Presumo tratar-se do lumbembe referido por José Redinha6: “ (…) No número de peças privativas dos chefes, e em muitos aspectos simbolistas da sua autoridade e presença, contam-se alguns instrumentos musicais. E assim, embora sem significado de insígnia ou emblemática, devemos considerar uma conhecida e muito divulgada peça, espécie de sineta geminada, constituída por duas campânulas de ferro achatadas, ligadas entre si. Incorporam estes instrumentos por um semi-arco do mesmo metal, tudo constituindo uma peça solidária. No leste angolano é designado Lubembe. É percutida por com um ponteiro de madeira, alternadamente nas duas campânulas… Anuncia a aproximação do chefe (…).”

Admito também, embora seja avesso a extrapolações simplistas, que o termo ‘Xingongo’ (Chingongo) se prenda com a forma como os missionários, ao longo dos séculos, quiseram verbalizar e fazer passar a sua mensagem para o povo, (com o consentimento das hierarquias tradicionais do Kongo) uma vez que, estes povos se iriam confrontar com dois sons diferentes para as suas fundações (reuniões de extraordinária importância), o do Gongo e o de Gunga, neste caso o chamamento do nosso conhecido sino das igrejas cristãs.

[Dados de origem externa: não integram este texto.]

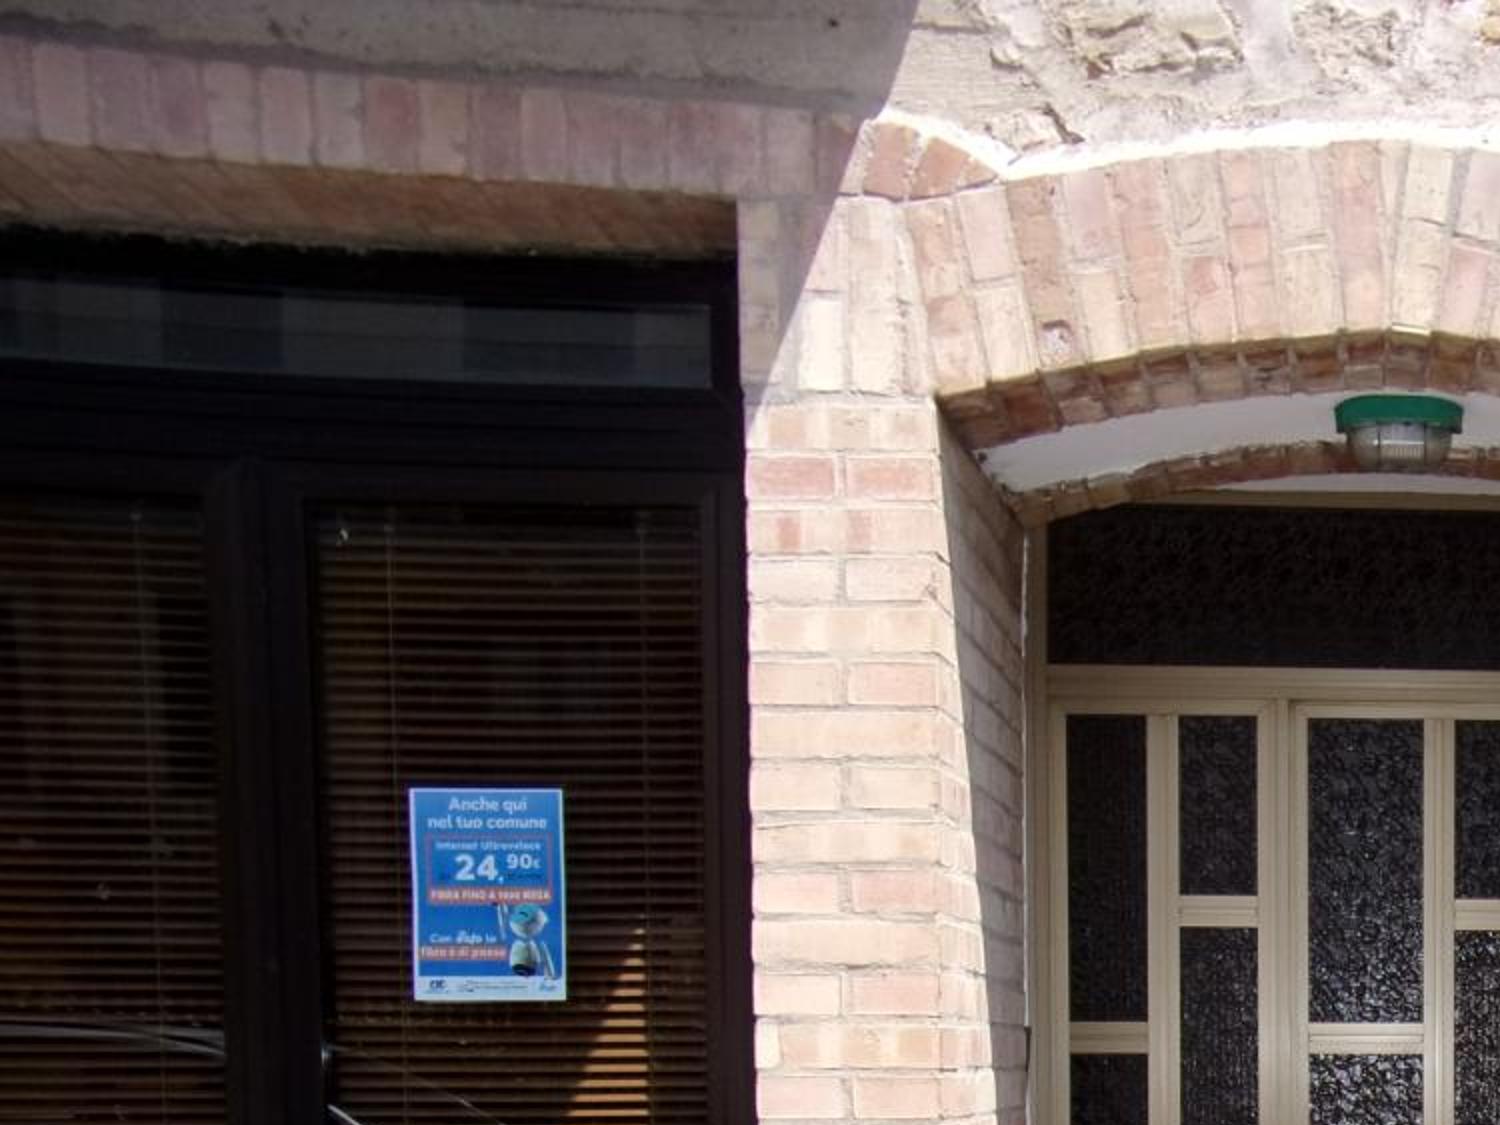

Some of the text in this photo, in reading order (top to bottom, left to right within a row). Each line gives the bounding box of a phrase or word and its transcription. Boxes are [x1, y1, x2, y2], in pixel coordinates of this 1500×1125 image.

[448, 796, 528, 815] Anche qui
[427, 814, 547, 829] nel tuo comune
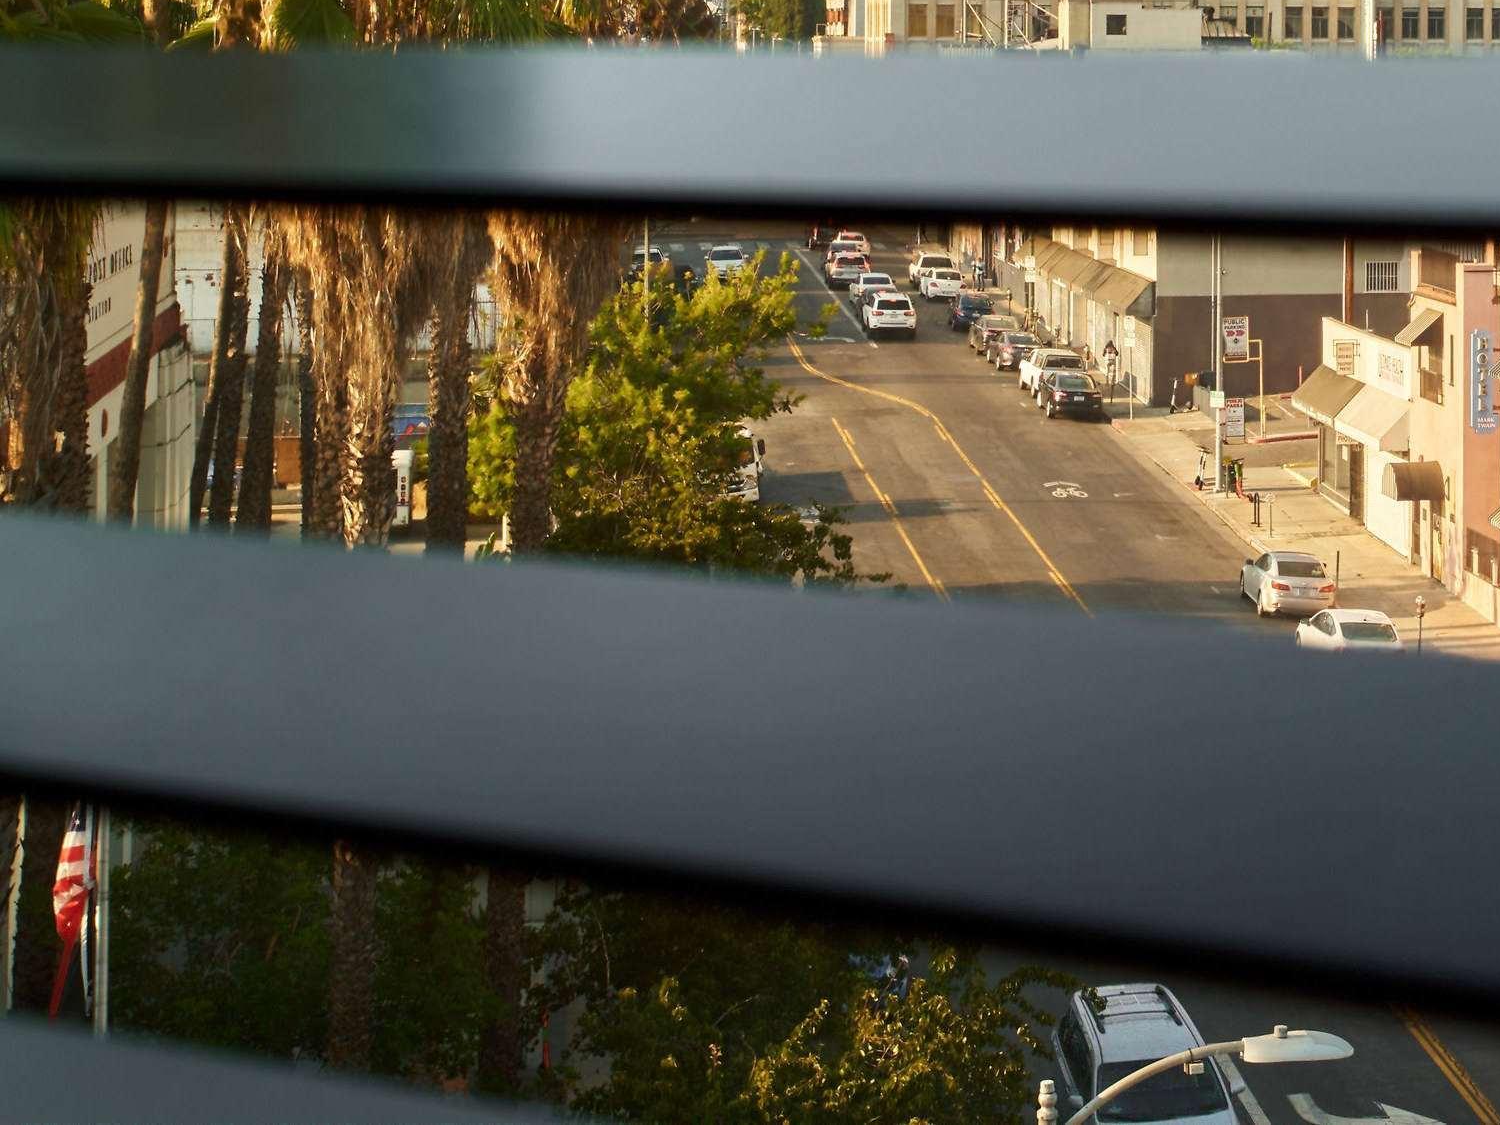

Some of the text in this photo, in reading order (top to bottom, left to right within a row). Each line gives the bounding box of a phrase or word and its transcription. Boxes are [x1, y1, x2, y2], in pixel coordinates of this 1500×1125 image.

O reverendo Weeks (1911:133) diz-nos que o Kongo Dya Gunga, era o espaço físico reservado às missões religiosas, onde os missionários tinham as suas escolas, os seus dispensários de saúde e os seus próprios dormitórios. Situado num extenso planalto, cerca de quatrocentos e cinquenta pés, acima das terras circundantes (mais ou menos, mil e quatrocentos metros). Lateralmente ao planalto, corre o rio Mposo, e de outros dois lados apresentam-se repentinamente dois vales profundos, sendo que, do lado restante, o terreno ondula suavemente até à Banza do rei. Penso que este termo dya gunga, conhecido em português por Kongo dos Sinos, é um bom exemplo de como estas populações encontravam razões analógicas para aplicar nomes às coisas e mesmo às pessoas; tal como nós o fazemos, por vezes, quando alcunhamos alguém, fazemo-lo relacionando-as com o que fazem na vida, assim podemos facilmente aceitar o termo

Toda esta trama humana se desenvolvia num cenário físico onde os europeus apesar de dizimados pela sede, pela fome e pelas doenças tropicais, assim que uns morriam, outros se lhes seguiam nas mesmas e profundas agruras e privações. Porém, o espírito das gentes dos descobrimentos acabava por se impor, especialmente pela mão de mercenários, condenados, gente da pior espécie à mistura com missionários, muitas vezes e, a um só tempo, comerciantes, guerreiros e funantes, (os célebres maskates do Brasil) enfim, pau para toda a obra. Este rosário de penas levou à coexistência, nem sempre pacífica, de duas mentalidades profundamente distintas, colocadas, frente a frente numa relação de dominação-subordinação, motivadas por relações complexas de problemas políticos, culturais e sócio económicos.